Palm Jumeirah will maintain its position as a key location for luxury property units, driven by demand from rising tourist arrivals to Dubai, according to a new study by Deloitte.
The report, commissioned by UAE-based developer Seven Tides, analyses the current supply and future demand potential for luxury serviced apartments located on Palm Jumeirah.
Martin Cooper, director, Real Estate, Deloitte Middle East stated in the report: “Palm Jumeirah is set to remain as the prime luxury beach resort destination in Dubai, as further critical mass is established as new hotels open.”
The report stated that luxury and upscale international standard operators have experienced performance above market averages.
In the first six months of 2013, the nine high-end hotels on Palm Jumeirah saw an annual average occupancy of 71.6 per cent, Average Daily Rate (ADR) of Dhs1,678 and Revenue per Available Room (RevPAR) of Dhs1,243.
The figures stood at 68.1 per cent, Dhs1,734 and Dhs1,221 respectively in 2012.
Deloitte also stated that demand for luxury serviced apartments is likely to remain strong in the medium to long term buoyed by Dubai’s recent Expo 2020 win and government’s commitment to expanding its tourism product.
According to Dubai Statistics Centre figures, the serviced apartment sector has grown steadily over the last five years with a compound annual growth rate (CAGR) for number of guests and length of stay increasing by 14 per cent and 19 per cent respectively.
“Palm Jumeirah currently has a total of 950 luxury serviced apartments managed by international hotel operators, and the Deloitte report confirms that the sector is continuing to mature and continues to attract a growing target market looking for a prime location and the luxury beachfront resort lifestyle,” said Abdulla Bin Sulayem, CEO, Seven Tides.
Branded service apartment units charge around Dhs2,000 per night during peak periods, according to the Deloitte research.
“With the cost for one-bedroom units starting at Dhs2.6 million, the potential for income generation from a managed rental perspective, based on the equivalent hotel occupancy figures and average year-to-date rates, is substantial – making it even more attractive to investors looking to build their overseas portfolios,” added Sulayem.
Dubai expects to register 10.9 million visitors by the end of 2013, growing to a forecasted 25.8 million by 2023, according to the World Travel & Tourism Council.
In a bid to further boost growth in the emirate’s tourism sector, Dubai’s ruler Sheikh Mohammed bin Rashid al Maktoum issued a decree in December 2013 to help regulate the holiday homes market.

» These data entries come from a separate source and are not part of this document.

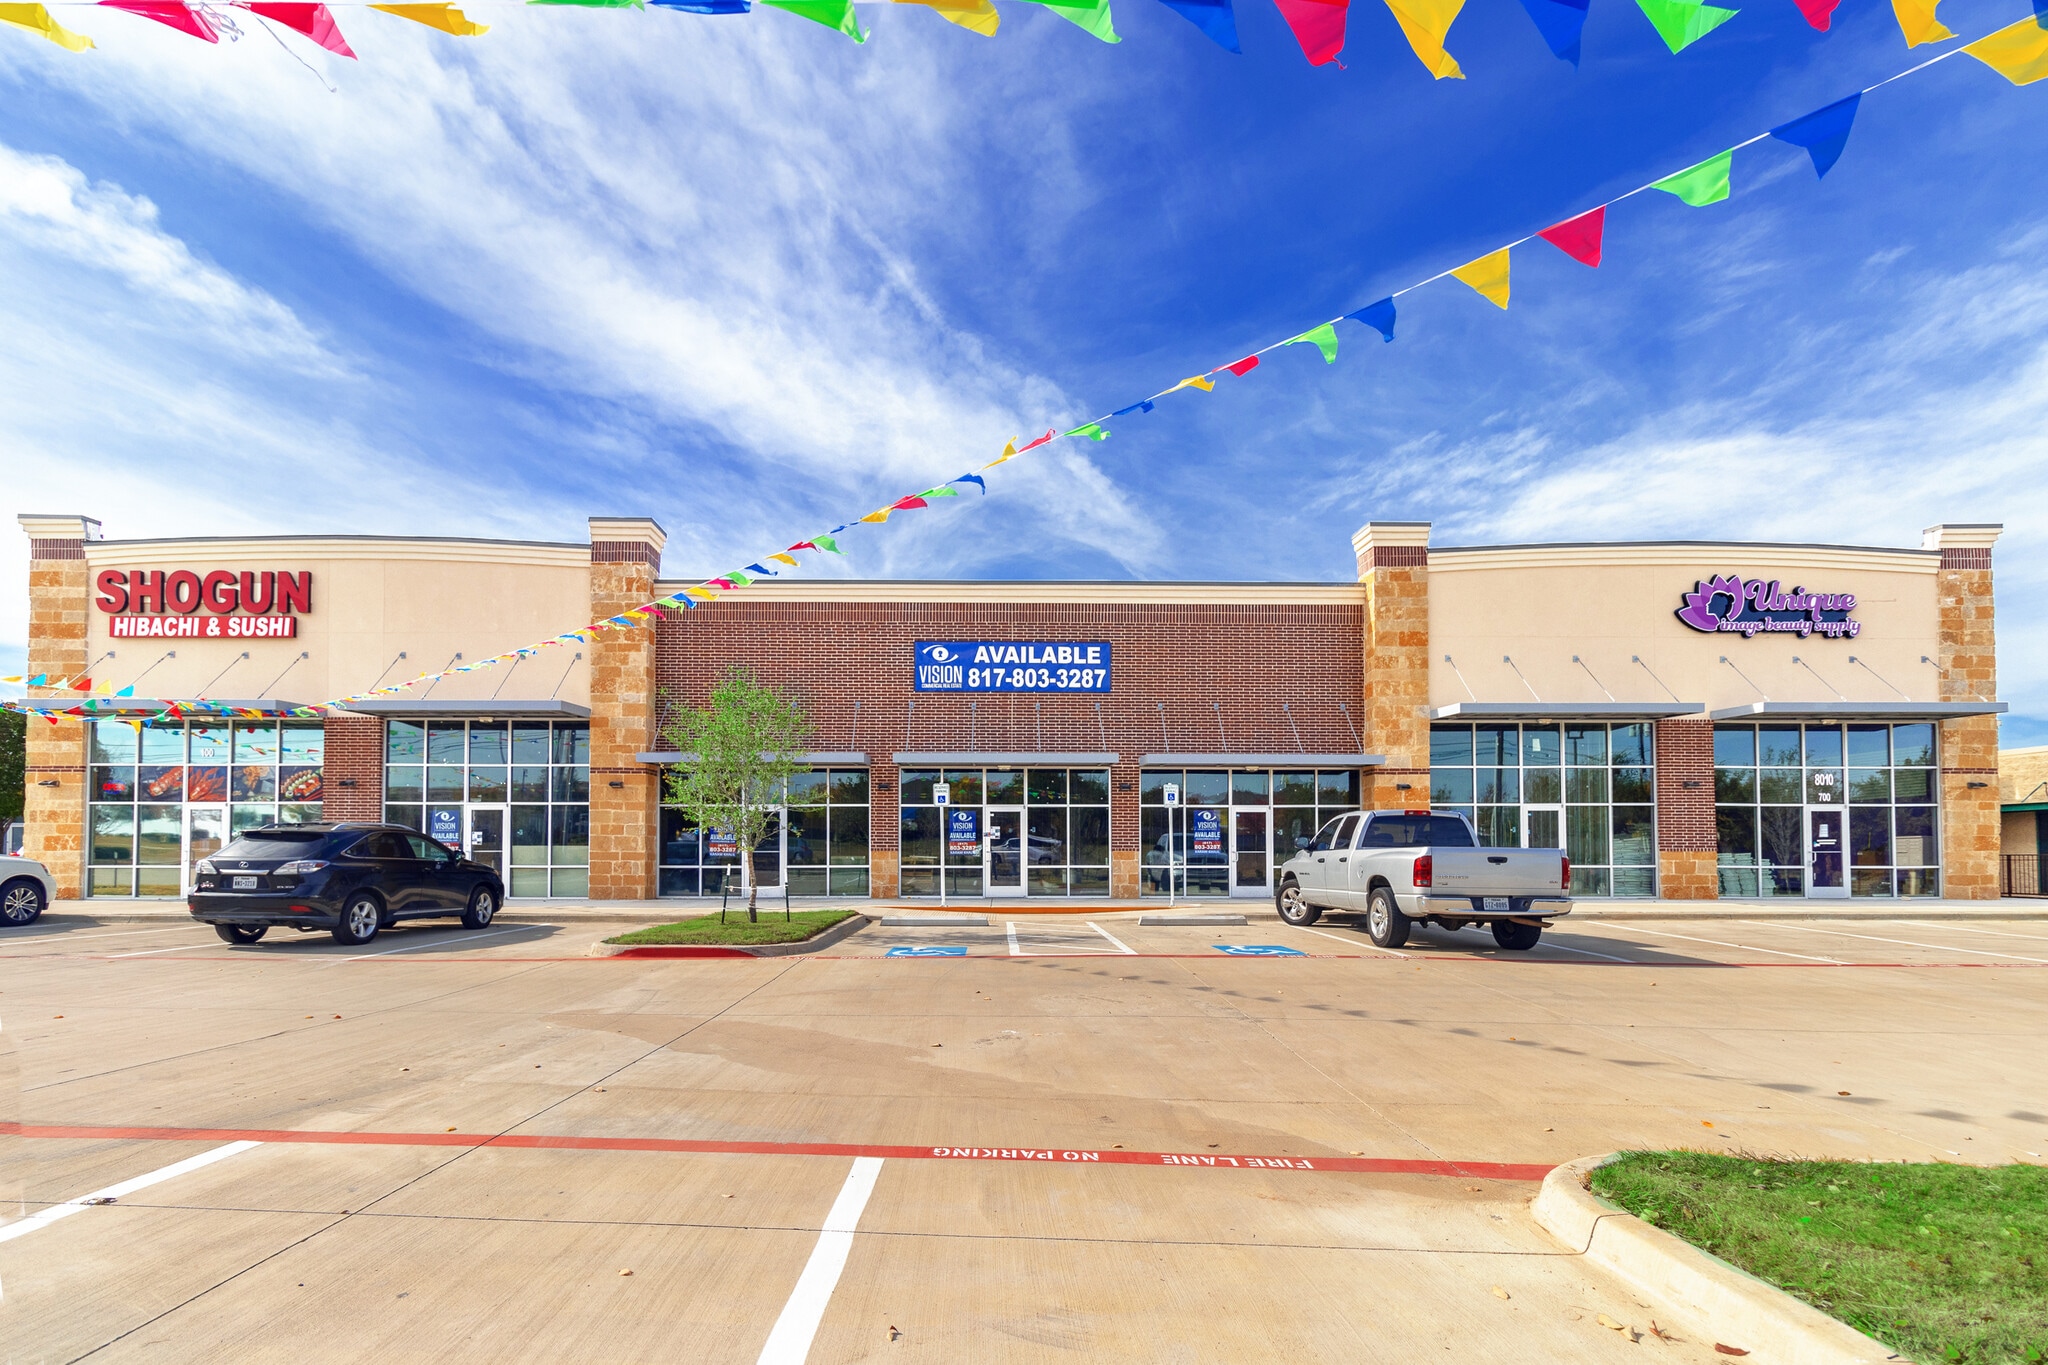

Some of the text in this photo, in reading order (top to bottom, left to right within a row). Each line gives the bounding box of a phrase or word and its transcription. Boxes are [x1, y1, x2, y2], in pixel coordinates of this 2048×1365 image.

[95, 569, 311, 614] SHOGUN
[1744, 579, 1857, 622] Unique
[113, 616, 291, 637] HIBACHI & SUSHI
[1719, 616, 1861, 638] image beauty supply
[973, 645, 1101, 664] AVAILABLE
[918, 665, 963, 683] VISION
[967, 667, 1107, 688] 817-803-3287
[202, 748, 214, 757] 100
[1814, 774, 1833, 785] 8010
[1818, 793, 1831, 801] 700
[933, 1147, 1099, 1161] NO PARKING
[1160, 1154, 1314, 1169] FIRE LANE

The decree authorises Dubai’s Department of Tourism and Commerce Marketing (DTCM) to grant licenses to parties who intend to rent out furnished residential property on a daily, weekly or monthly basis.
Earlier this week, Sheikh Mohammed also issued new directives to boost hotel investment in the emirate, including the creation of a one-stop shop for all sector approvals to help reduce red tape and the reduction of the hotel construction pre-approval process period.